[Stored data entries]
=-=-=
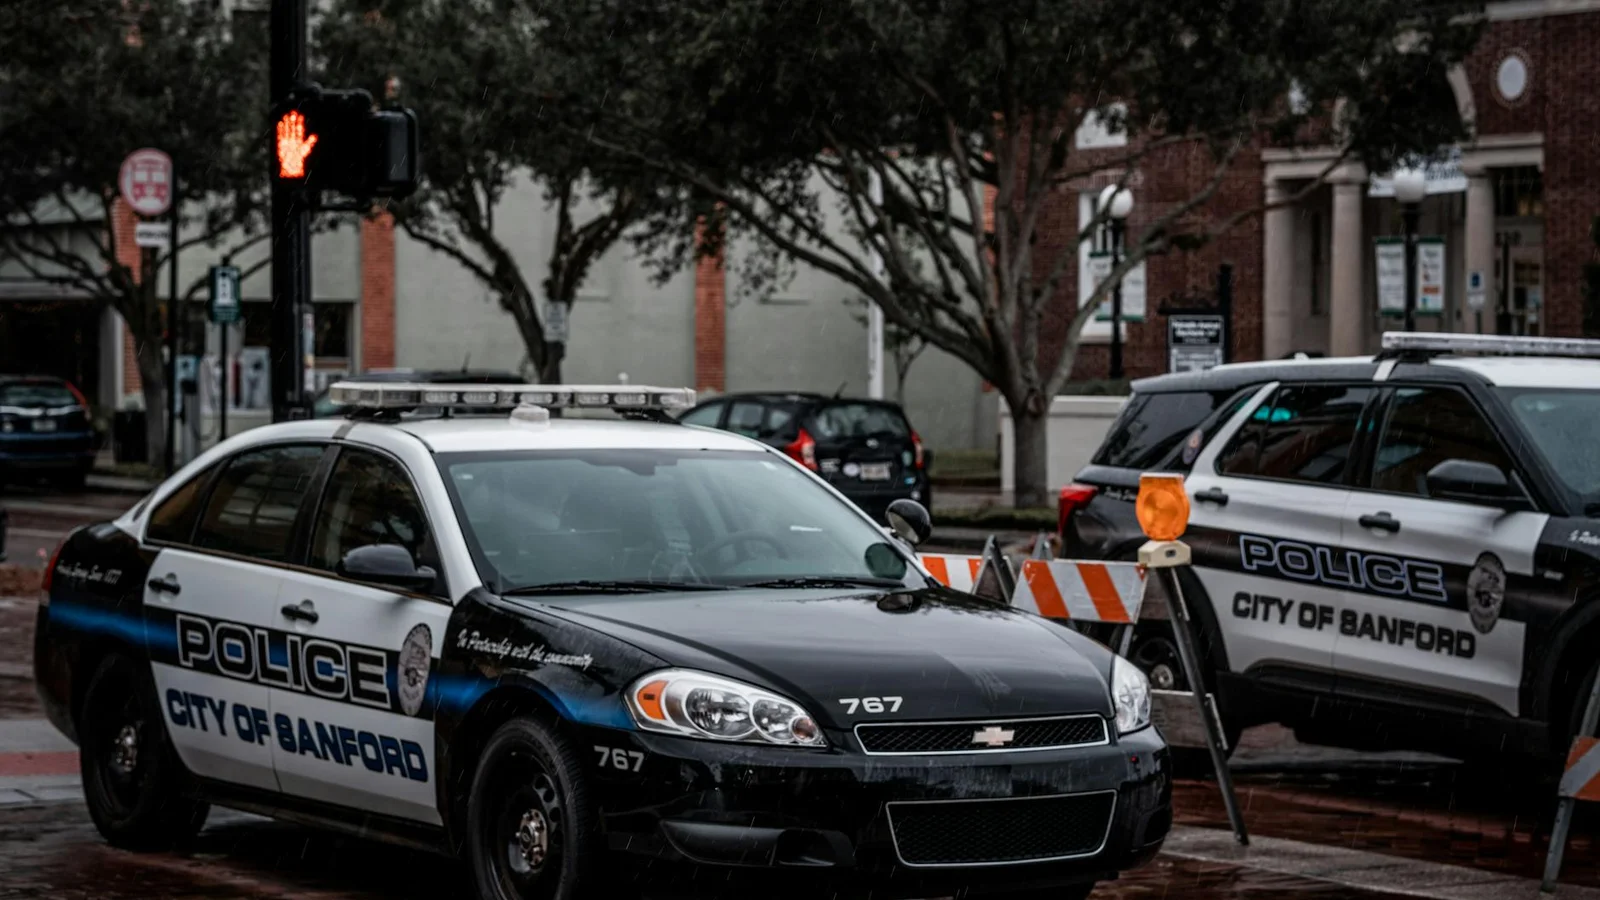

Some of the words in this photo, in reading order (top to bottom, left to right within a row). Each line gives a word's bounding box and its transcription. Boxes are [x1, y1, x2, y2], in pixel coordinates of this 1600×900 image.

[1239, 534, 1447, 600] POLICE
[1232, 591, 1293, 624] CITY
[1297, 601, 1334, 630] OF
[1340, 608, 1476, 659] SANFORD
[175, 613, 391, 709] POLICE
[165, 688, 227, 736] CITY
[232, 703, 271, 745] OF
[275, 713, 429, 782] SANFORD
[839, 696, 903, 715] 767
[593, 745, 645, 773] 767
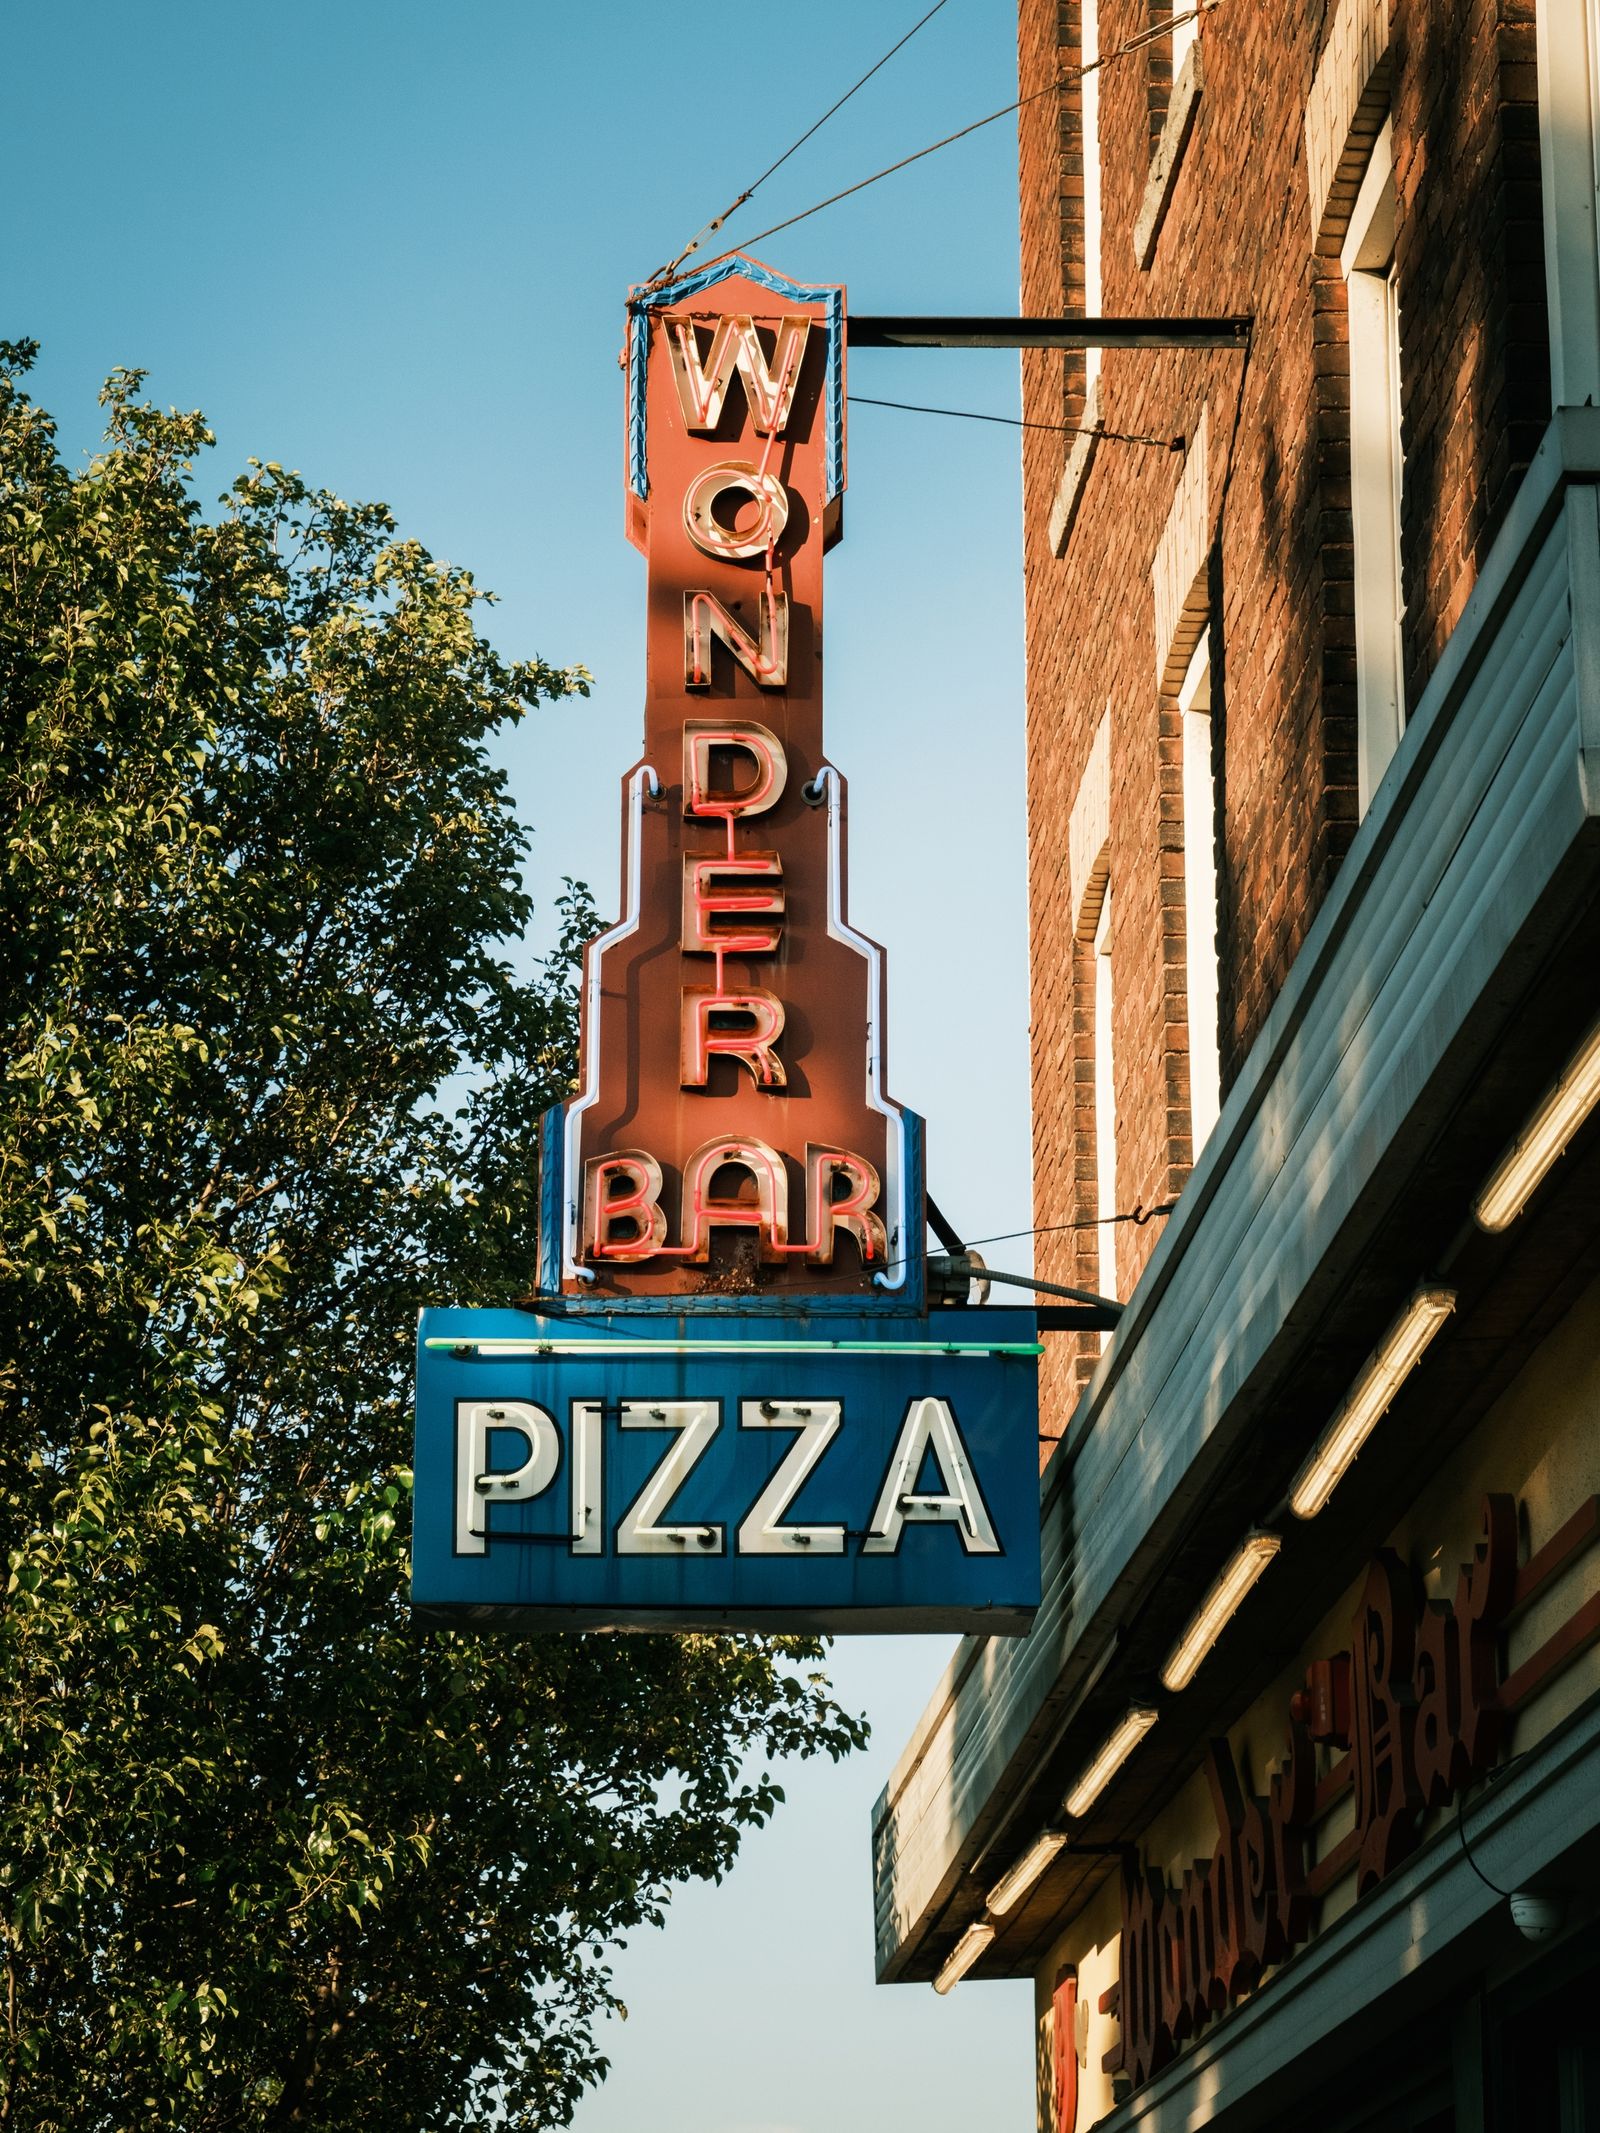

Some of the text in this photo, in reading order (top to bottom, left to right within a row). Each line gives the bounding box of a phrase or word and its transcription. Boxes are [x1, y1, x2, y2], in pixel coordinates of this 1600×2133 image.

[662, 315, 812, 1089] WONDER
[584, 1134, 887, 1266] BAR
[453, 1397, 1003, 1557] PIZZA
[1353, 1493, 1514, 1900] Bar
=-=-=
Your instructions:
Set down, please, the lines from the line holding "Some of the text" through the final line of the data, exactly and with nothing added.

Output below:
Some of the text in this photo, in reading order (top to bottom, left to right within a row). Each line gives the bounding box of a phrase or word and its transcription. Boxes are [x1, y1, x2, y2], in pixel coordinates of this 1600×2133 image.

[662, 315, 812, 1089] WONDER
[584, 1134, 887, 1266] BAR
[453, 1397, 1003, 1557] PIZZA
[1353, 1493, 1514, 1900] Bar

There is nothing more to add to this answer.